■ **Work request**
Give an exact copy of the data that follows, but none of its pictures.

■ **Spatial localization data**
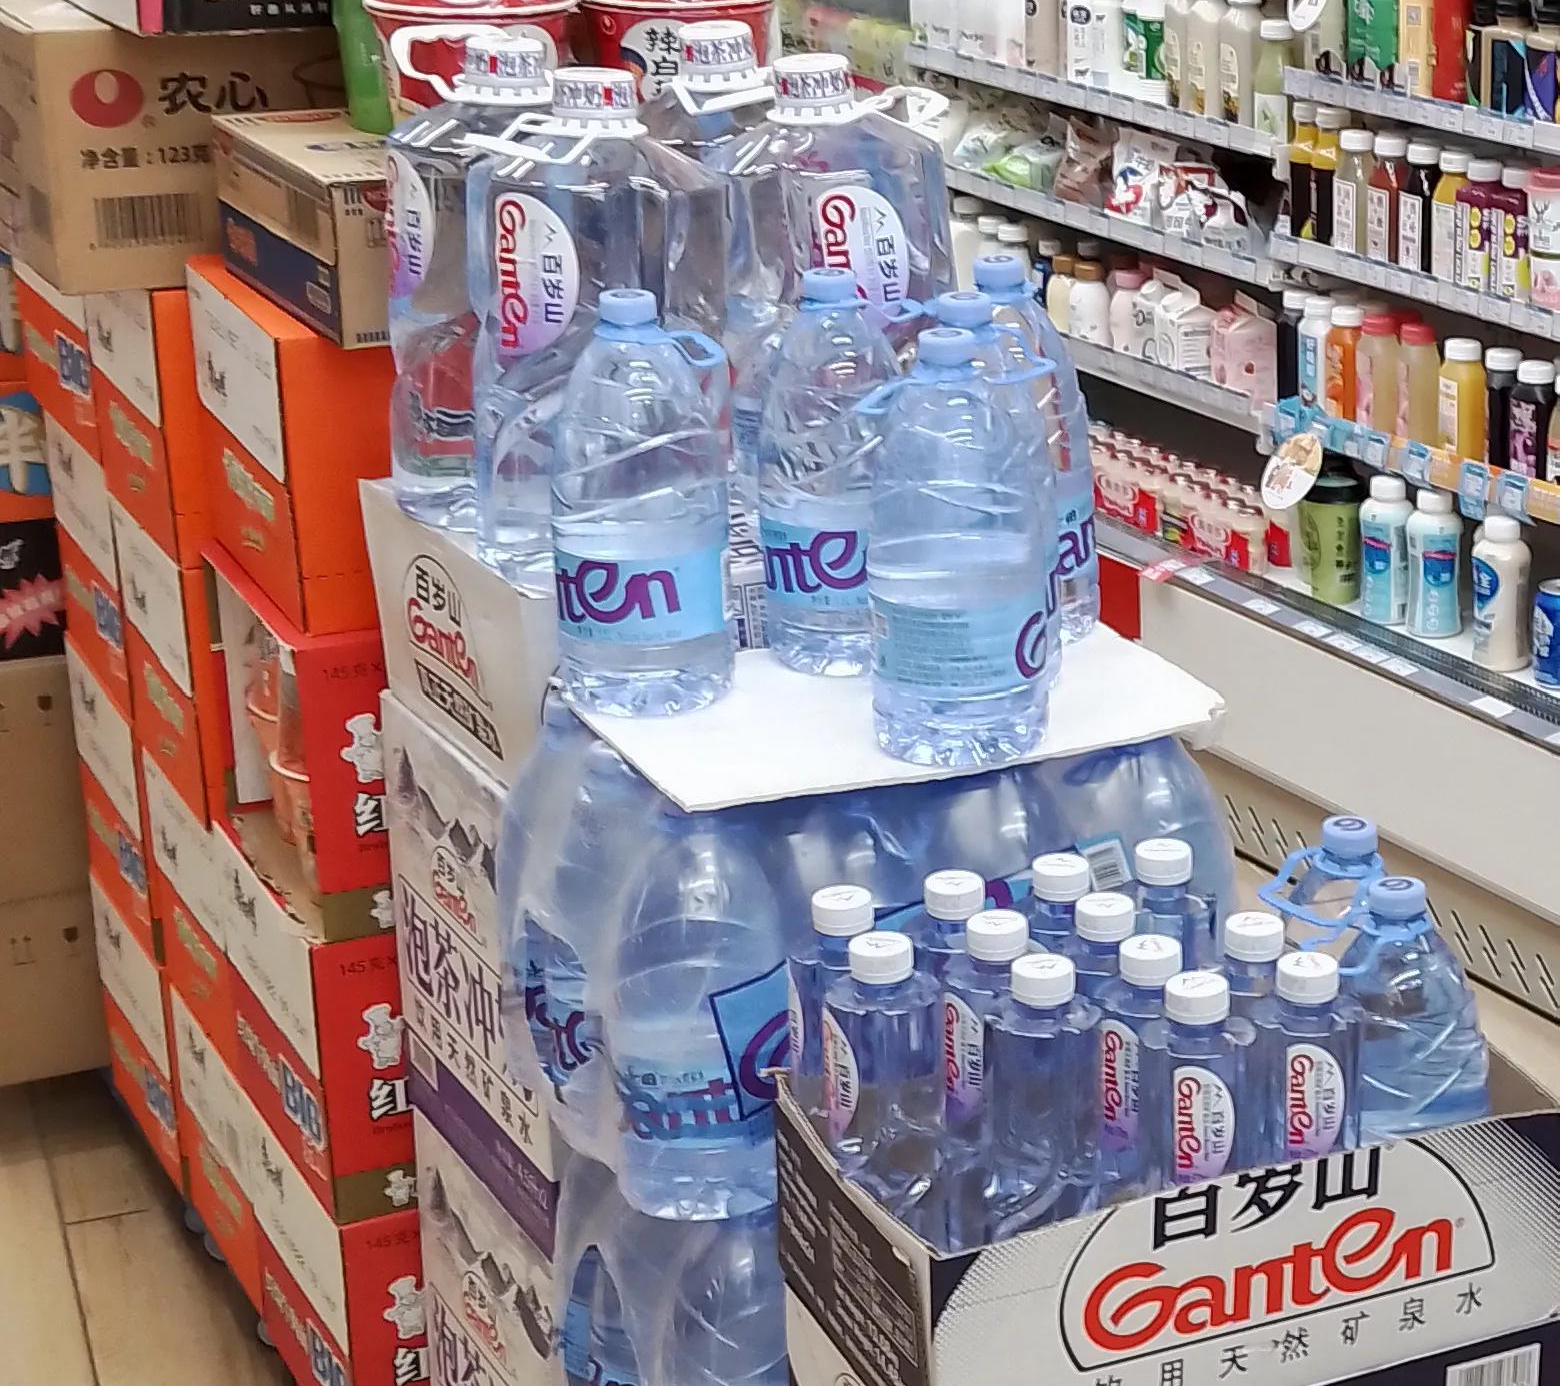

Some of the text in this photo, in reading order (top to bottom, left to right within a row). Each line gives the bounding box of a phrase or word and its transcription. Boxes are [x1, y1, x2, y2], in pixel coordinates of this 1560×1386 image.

[158, 72, 269, 115] 农心
[498, 199, 530, 350] Ganten
[541, 253, 564, 326] 百岁山
[875, 235, 902, 304] 百岁山
[402, 883, 504, 1061] 泡茶冲
[1174, 1074, 1204, 1171] Ganten
[1289, 1052, 1316, 1147] Ganten
[1081, 1206, 1457, 1352] Ganten

■ **Solution for this task**
Some of the text in this photo, in reading order (top to bottom, left to right within a row). Each line gives the bounding box of a phrase or word and its transcription. Boxes are [x1, y1, x2, y2], in pixel coordinates of this 1560×1386 image.

[158, 72, 269, 115] 农心
[498, 199, 530, 350] Ganten
[541, 253, 564, 326] 百岁山
[875, 235, 902, 304] 百岁山
[402, 883, 504, 1061] 泡茶冲
[1174, 1074, 1204, 1171] Ganten
[1289, 1052, 1316, 1147] Ganten
[1081, 1206, 1457, 1352] Ganten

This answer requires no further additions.